デンマークの建築、街づくり(2)

デンマークの建築、街づくり(2)

2013年10月1日

コペンハーゲンのベルヴュー地区

ベルヴュー劇場
ベルヴュー劇場
ガソリンスタンド
ガソリンスタンド
ビーチの監視塔
ビーチの監視塔
レストラン ヤコブセン
レストラン ヤコブセン

コペンハーゲンから北へ約10kmほどの東海岸に面した地域。ゲントフテ自治体の依頼でアルネ・ヤコブセンがデザインした。機能主義的建築の代表作といわれ、ベルヴュー劇館、レストラン・ヤコブセン、集合住宅、ビーチ、監視塔、更衣室、サウナ、ガソリン・スタンドなどで構成されている。当時としては抜群におしゃれな夏の高級ビーチリゾートである。昼間はビーチで遊び、夜は劇場やレストランで過ごし、集合住宅で眠るというライフスタイルを実現したかったのだろう。この集合住宅にはヤコブセン自身も住んだ。

 S電のクランペンボー駅Klampenborgを降りると、すぐ東側にベルヴュー劇場Bellevue Teatretがある。夏にレヴュー・ショーを上演するために1937年に建てられたもので、この地域では最も新しい。2002年に全面的に改修が行われ、いまも使用されている。晴天の日には屋根がはずれて、野外劇場の雰囲気が味わえるという。

 その隣にはレストランがあり、ヤコブセンがデザインしたインテリアや家具が楽しめる。昼食時にはデンマークの伝統のニシン主体のオープンサンドが味わえる。夜は本格的なディナー・レストランになっている。オーナーは次々と変わっているので、閉店しているときもあるかもしれない。


その南側が1934年に完成した集合住宅ベラヴィスタBellavista。海に面してコの字型に住宅が配置され、北側と南側の棟からも海が見えるように、各戸が斜めに位置している。白壁はレンガに白い漆喰を塗ったもの。

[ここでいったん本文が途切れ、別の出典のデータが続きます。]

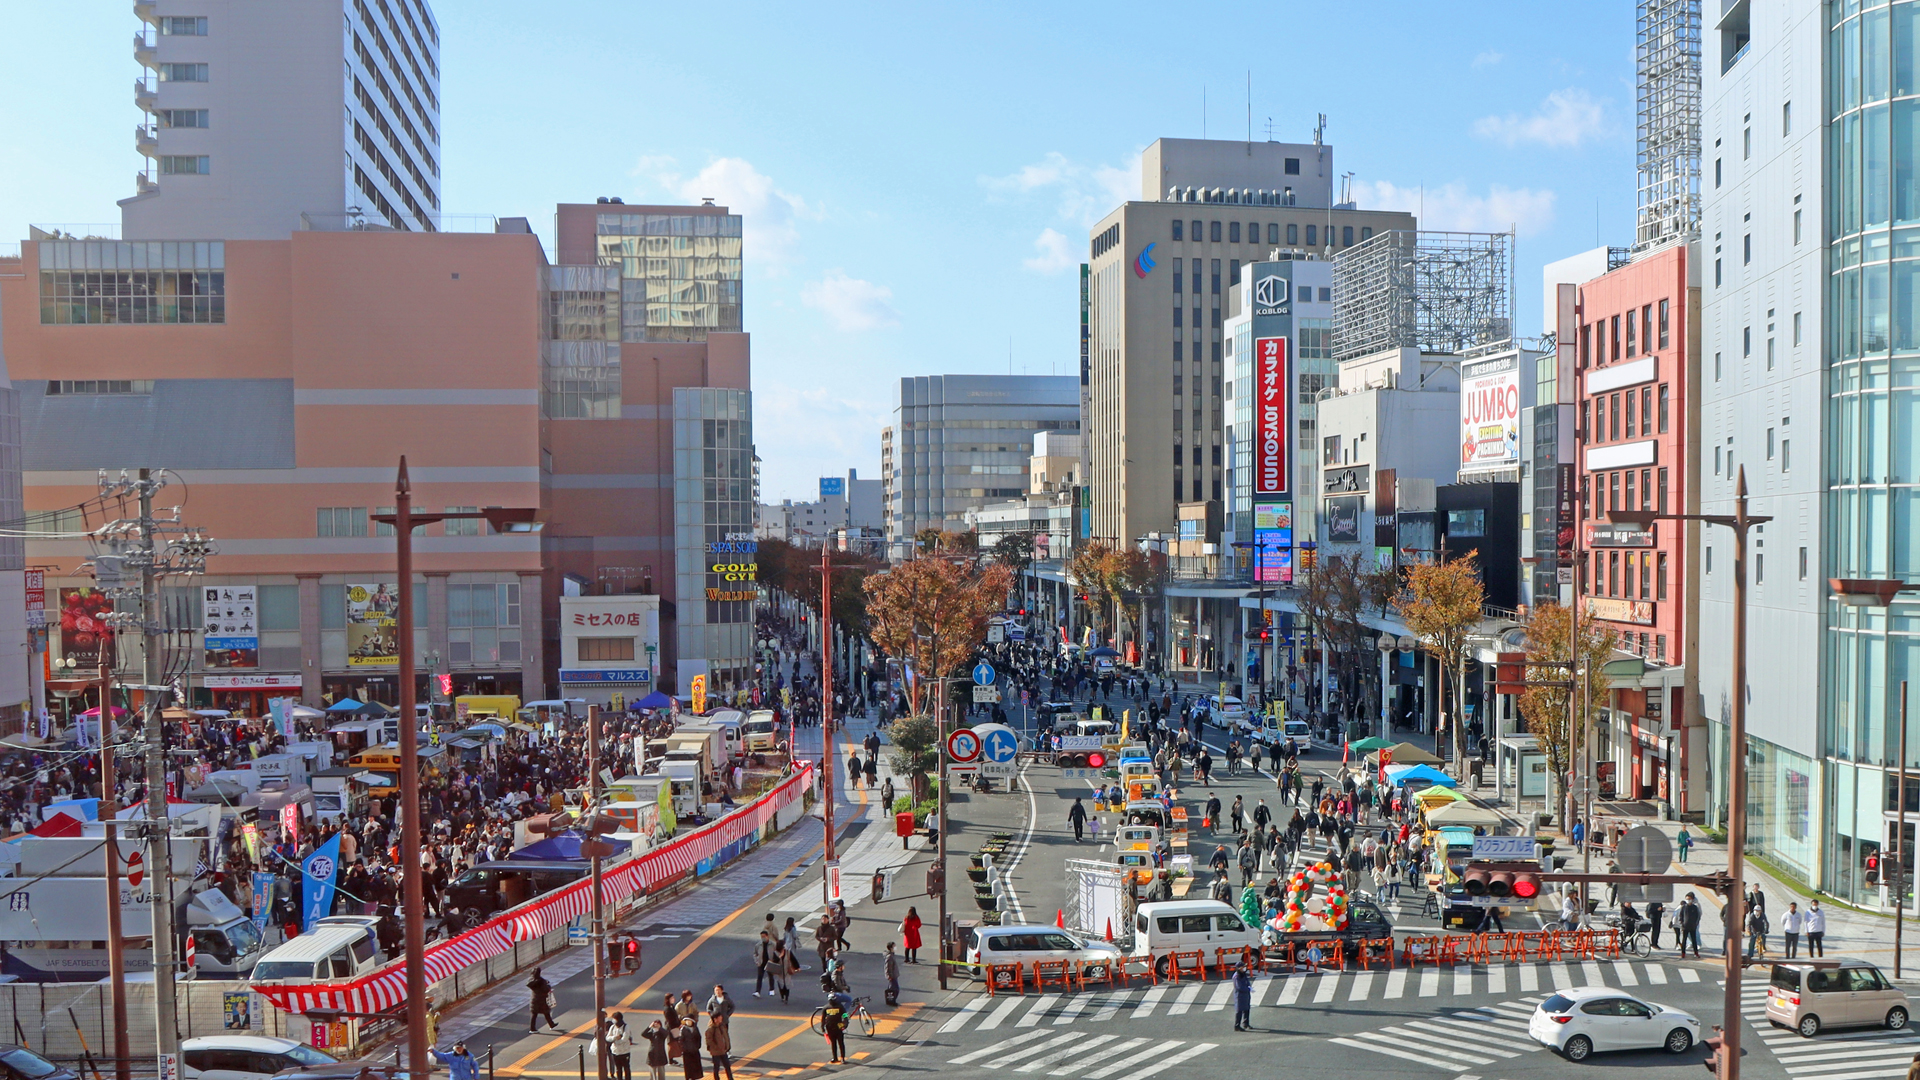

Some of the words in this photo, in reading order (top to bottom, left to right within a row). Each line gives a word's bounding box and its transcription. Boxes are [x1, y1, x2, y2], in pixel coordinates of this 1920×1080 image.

 劇場の前から横断歩道を東へ渡ると、緑地になり、さらに東へ向かうと海浜地区になる。1932年に完成した海水浴場で、更衣室、サウナ、シャワー、トイレ、桟橋、監視塔、砂浜などからなる。青と白の縞模様に塗られた木製の監視塔は斬新なデザインで、今でも時代の最先端を感じさせる。ファッション雑誌の撮影などによく登場するので、目にしたことがあるかもしれない。配色がヴェニスのゴンドラ漕ぎのシャツに似ているためか、地中海的な雰囲気が感じられる。

 ガソリン・スタンドは、劇場の前に海岸通りを南へ1kmほど下った東側にある。ヤコブセンの設計で、1938年に完成した。白い四角の建物と、給油塔の上に置かれた円盤に近い方の屋根が合理性、清潔感を出している。これが当時のテキサコ石油給油所の標準的なデザインになったという。1930年代、自動車がようやく一般に普及しはじめた時代のガソリンスタンドがそのまま残る例は聞いたことがない。ヤコブセンのデザインだからこそのことだ。